Avec le départ annoncé de Jean-Michel Larqué après trente ans de commentaires de football sur les deux principales chaînes publiques, il me vient comme une sorte de nostalgie. Je me rends compte que je l’ai toujours écouté depuis toutes ces années, probablement environ un millier de fois, si je fais le calcul à la louche.
Et qu’en tant que passionné des Verts, je l’avais admiré comme joueur à l’époque de la légende, celles des années 1974-1976.Tout compte fait, je l’aime bien Larqué. Pas le personnage, je ne le connais pas, mais celui qui explique le football de haut niveau aux téléspectateurs, oui. Et si je réfléchis un peu plus, j’ai envie de dire qu’il a créé quelque chose de nouveau.
Un seul personnage peut lui être comparé dans l’histoire de la télévision, Pierre Albaladejo en rugby, l’homme et lui aussi ancien grand joueur qui complétait de ses tranquilles analyses le truculent mais simpliste Roger Couderc. Deux hommes du sud-ouest.Vous me direz, Larqué a été souvent insupportable à l’antenne. Il y a même eu des matches où l’on aurait eu envie de lui suturer la bouche. Parce que le Jean-Mimi, quand il avait une idée en tête, il pouvait la décliner dix, vingt ou trente fois en une heure et demie. Et pas dans de la dentelle. Combien de pauvres diables, Bleus, Marseillais, Bordelais, Lyonnais ou Parisiens ont été sa cible des matches voires des saisons entières durant et ont sans doute dû vouloir l’égorger après coup.Mais, honnêtement, que valait-il mieux ?
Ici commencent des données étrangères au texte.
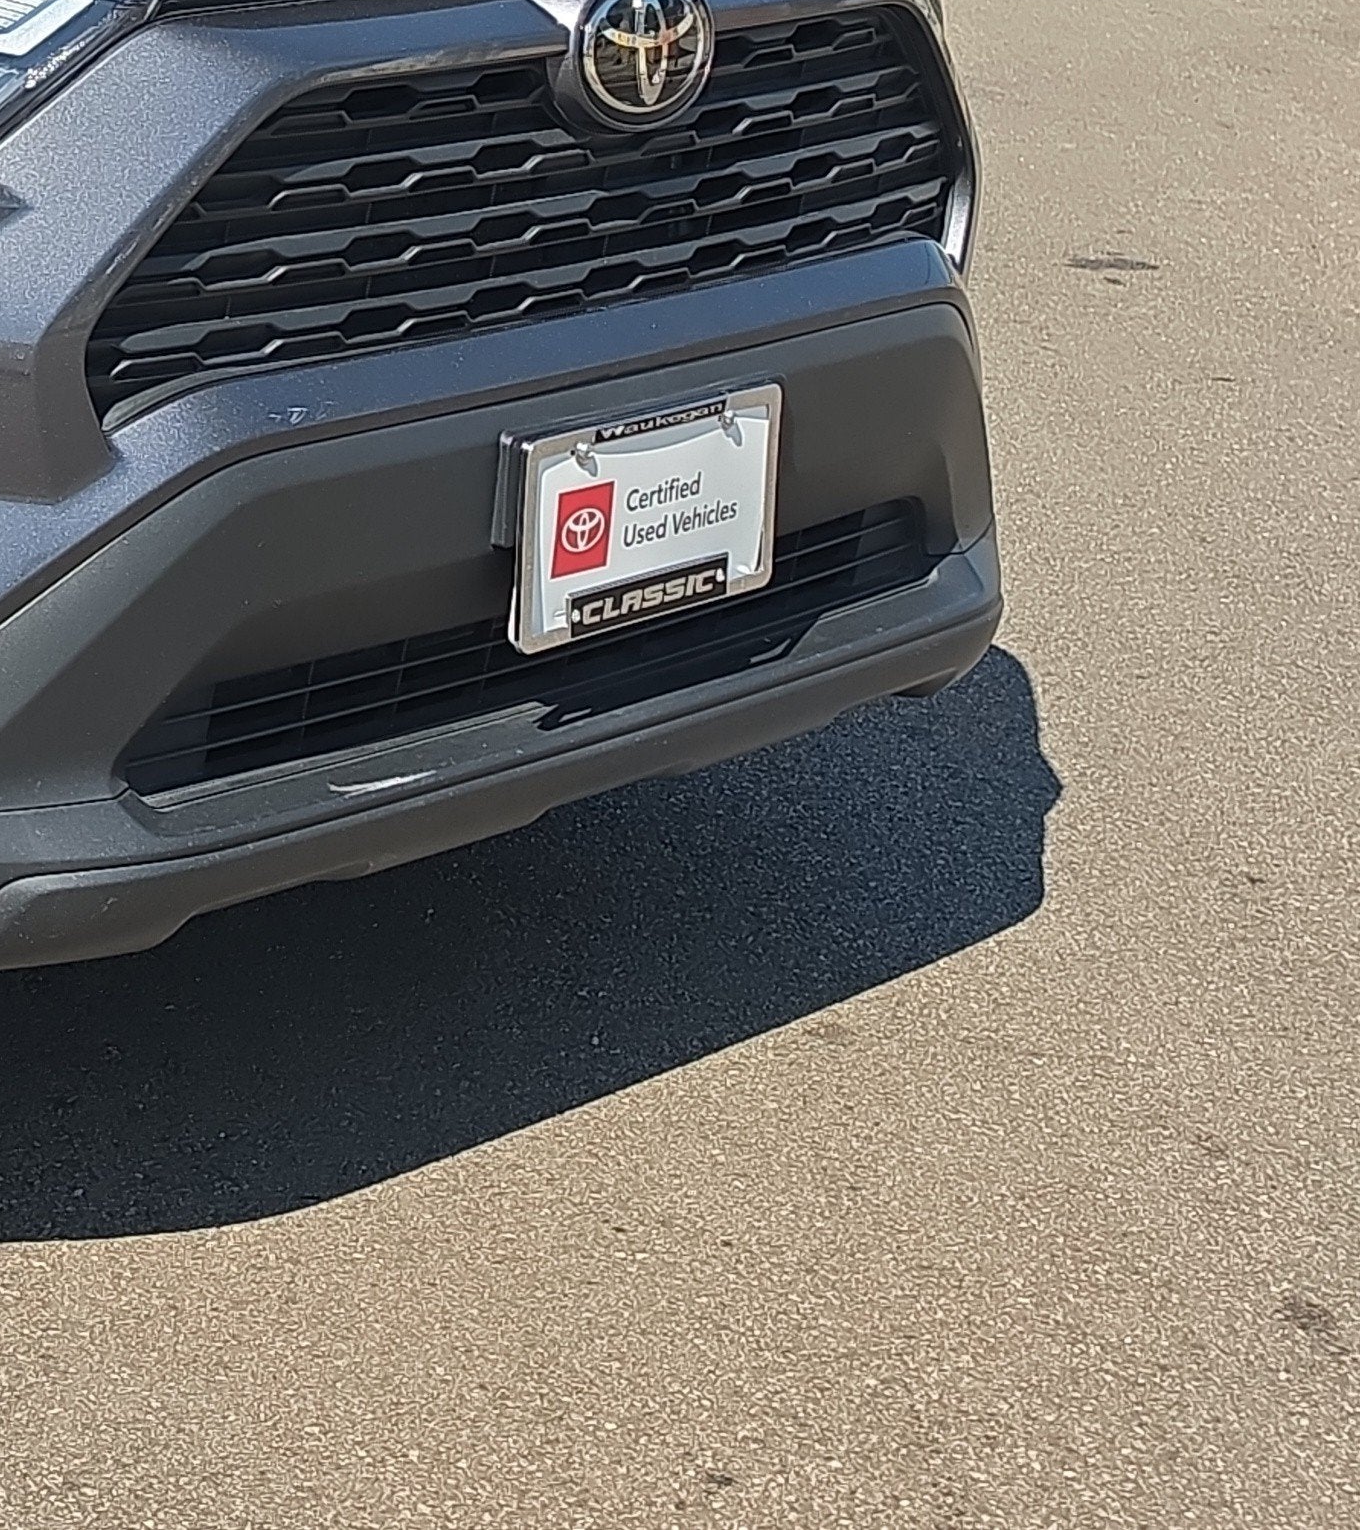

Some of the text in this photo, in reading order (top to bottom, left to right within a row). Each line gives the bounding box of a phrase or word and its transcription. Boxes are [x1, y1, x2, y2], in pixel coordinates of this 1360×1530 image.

[625, 470, 702, 513] Certified
[622, 498, 739, 548] Used Vehicles
[581, 568, 717, 626] CLASSIC
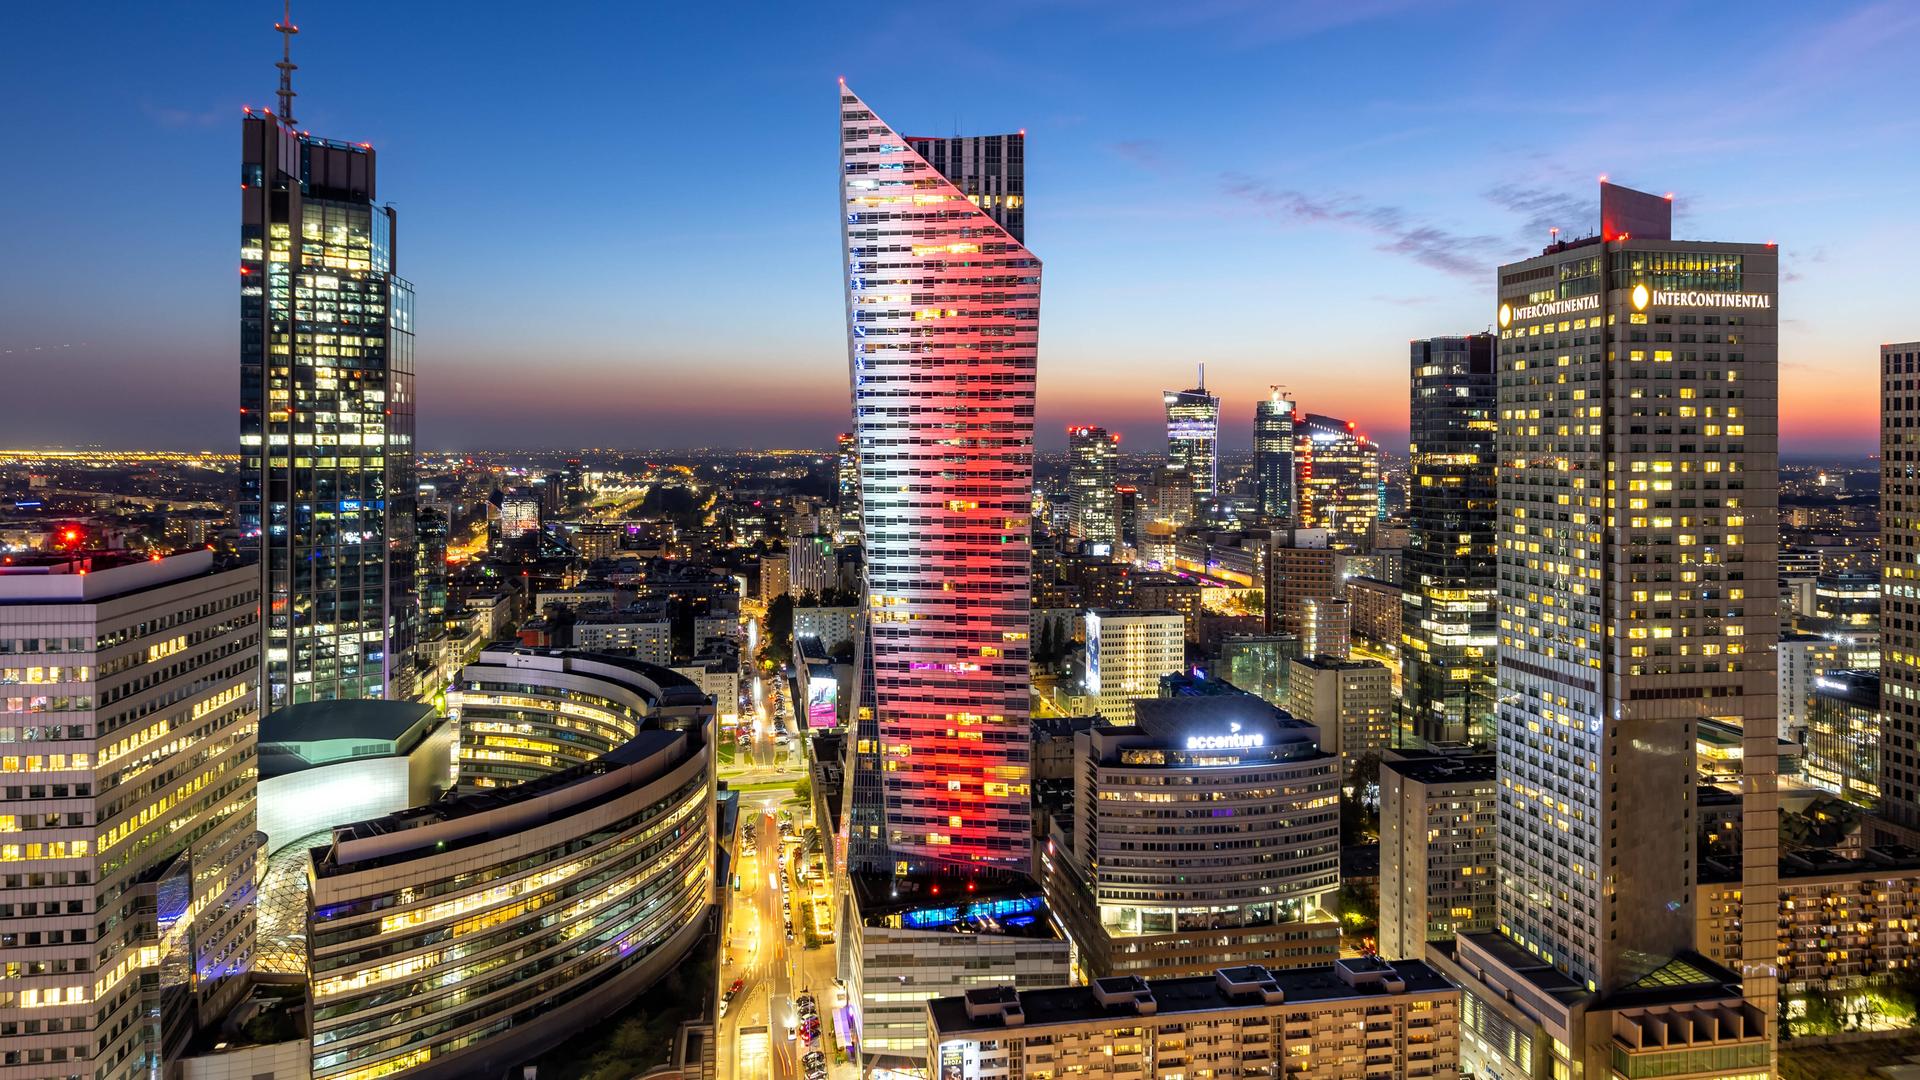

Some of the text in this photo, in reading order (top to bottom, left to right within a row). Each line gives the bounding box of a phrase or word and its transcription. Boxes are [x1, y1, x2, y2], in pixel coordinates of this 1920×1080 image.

[1512, 295, 1600, 321] INTERCONTINENTAL
[1653, 290, 1771, 308] INTERCONTINENTAL
[1187, 732, 1264, 749] accenture
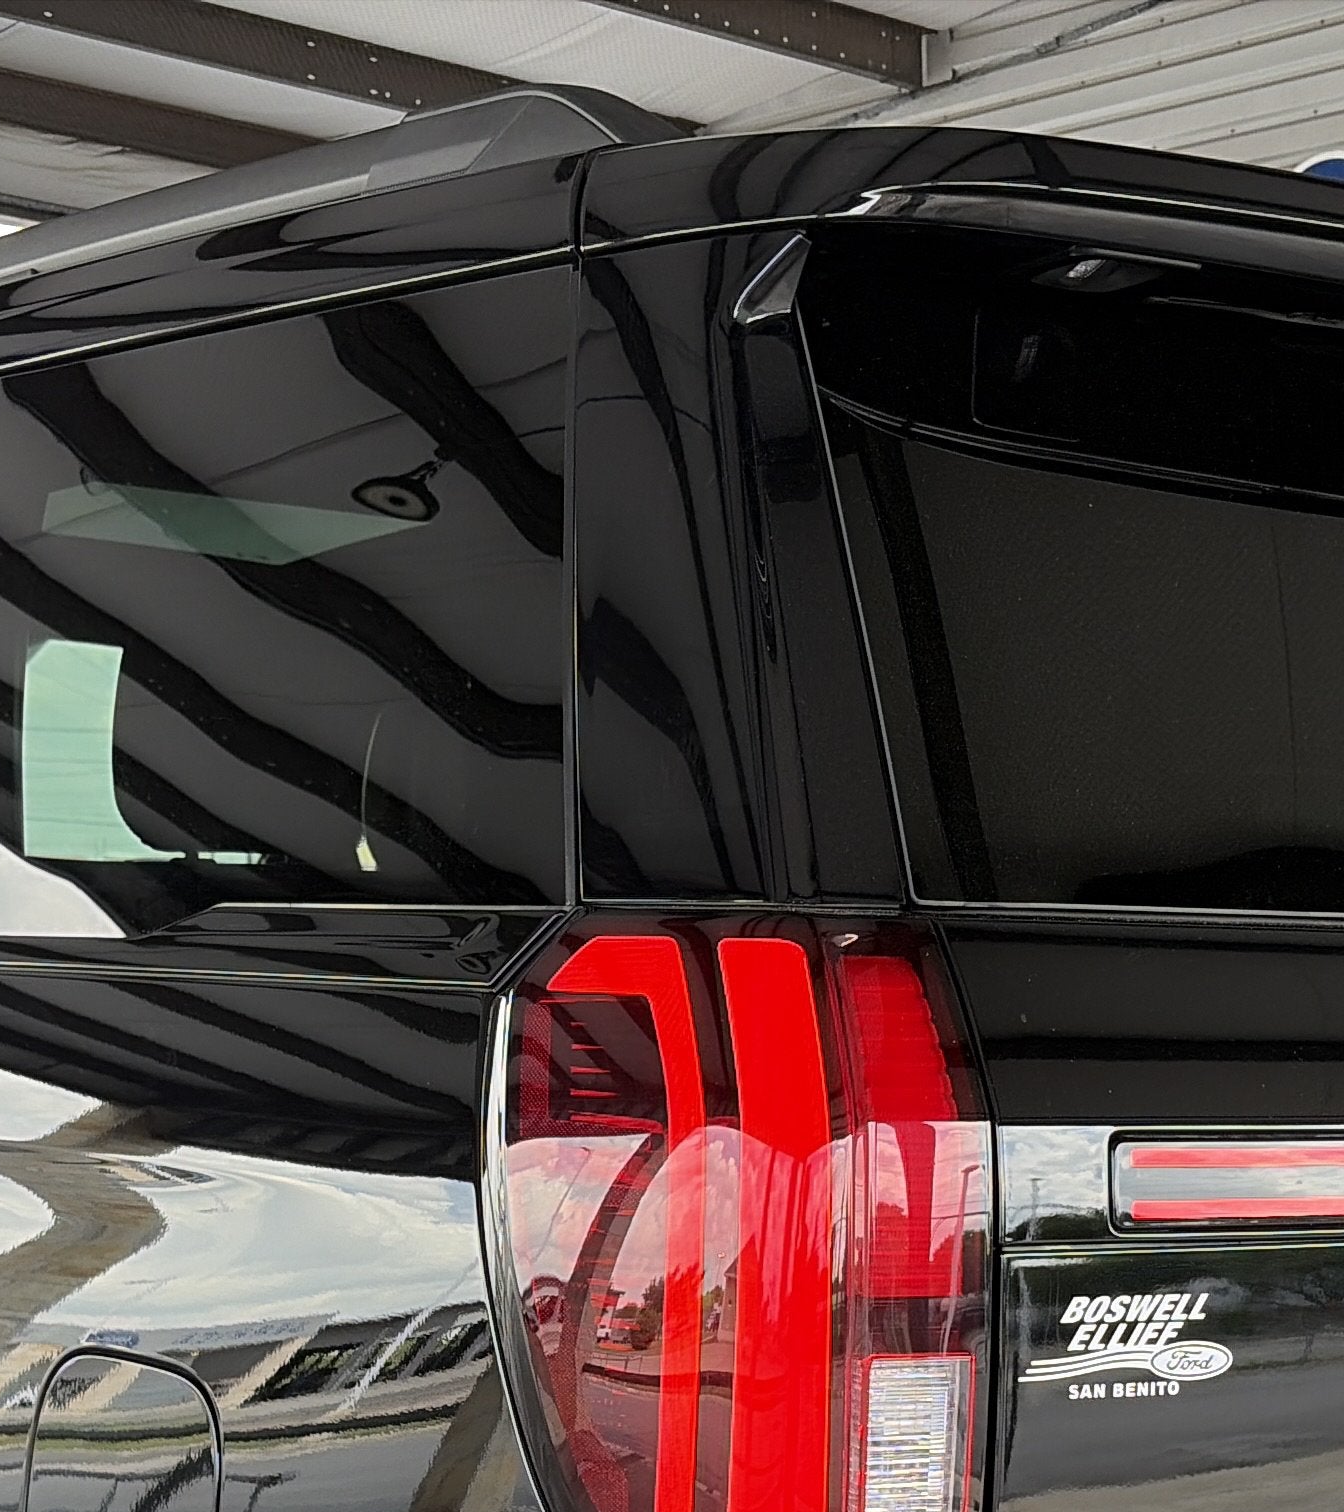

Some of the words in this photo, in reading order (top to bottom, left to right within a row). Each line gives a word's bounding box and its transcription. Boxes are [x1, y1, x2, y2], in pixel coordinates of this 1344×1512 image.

Jusqu’aux années 1980, on avait disposé de quelques descripteurs d’actions devenus des pontifes par défaut. Georges de Caunes, Pierre Cangioni, Thierry Roland ou Didier Roustan. Avec tout le respect que je leur dois, leur seul mérite avait été de maîtriser leur voix et d’être présents au bon moment. Le côté technique et pédagogique leur était parfaitement étranger. Ne parlons pas du chauvinisme, qui leur tenait lieu d’antienne.
Un seul a survécu au vingtième siècle, Thierry Roland. Je crois que c’est grâce à Larqué, qu’il avait d’ailleurs eu le sage pressentiment de trouver pour l’épauler, sentant probablement ses limites, que j’aurai la bonté de qualifier de criantes. Jean-Mimi a finalement révolutionné la voix du commentaire, du consulting devrais-je dire. Pas seulement à cause de ses brillantes dix années de carrière sportive, mais par quelque chose de plus. Que, malgré les critiques, peu de ses successeurs possèdent. Larqué est un éducateur, cela s’entend à dix kilomètres du poste.
C’est aussi, et c’est un cas presque unique, un homme de mots. Ses phrases sont limpides comme les passes qu’il délivrait à Hervé Revelli ou à Dominique Rocheteau, ou comme la reprise de volée qu’il avait décochée en finale de la Coupe de France 1975.Larqué s’est rarement trompé dans ses commentaires à chaud. Combien de fois a-t-il anticipé des buts après avoir simplement observé des attitudes caractéristiques de joueur ou des mouvements d’équipe qui lui semblaient ressembler à des symptômes annonciateurs ? Il faut lâcher le terme, l’homme est intelligent. Et comme tout humain ayant la faculté de comprendre, il a su traverser les époques et les générations tout en en saisissant les évolutions. Jusqu’au moment où la télévision, justement, se sent l’obligation, ou plus exactement le devoir économique, de laisser la place à plus jeune, autrement dit plus rentable.